> What the exercise asks
Set down the data that follows, exactly and completely.
:: Information ::
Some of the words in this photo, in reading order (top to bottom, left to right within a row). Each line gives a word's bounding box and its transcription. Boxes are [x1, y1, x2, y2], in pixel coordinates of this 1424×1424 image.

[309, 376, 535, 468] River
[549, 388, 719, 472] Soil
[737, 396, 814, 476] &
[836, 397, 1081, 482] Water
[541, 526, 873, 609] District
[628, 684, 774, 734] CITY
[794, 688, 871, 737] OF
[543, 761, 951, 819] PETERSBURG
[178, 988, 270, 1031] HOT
:::
> Answer box
Some of the words in this photo, in reading order (top to bottom, left to right within a row). Each line gives a word's bounding box and its transcription. Boxes are [x1, y1, x2, y2], in pixel coordinates of this 1424×1424 image.

[309, 376, 535, 468] River
[549, 388, 719, 472] Soil
[737, 396, 814, 476] &
[836, 397, 1081, 482] Water
[541, 526, 873, 609] District
[628, 684, 774, 734] CITY
[794, 688, 871, 737] OF
[543, 761, 951, 819] PETERSBURG
[178, 988, 270, 1031] HOT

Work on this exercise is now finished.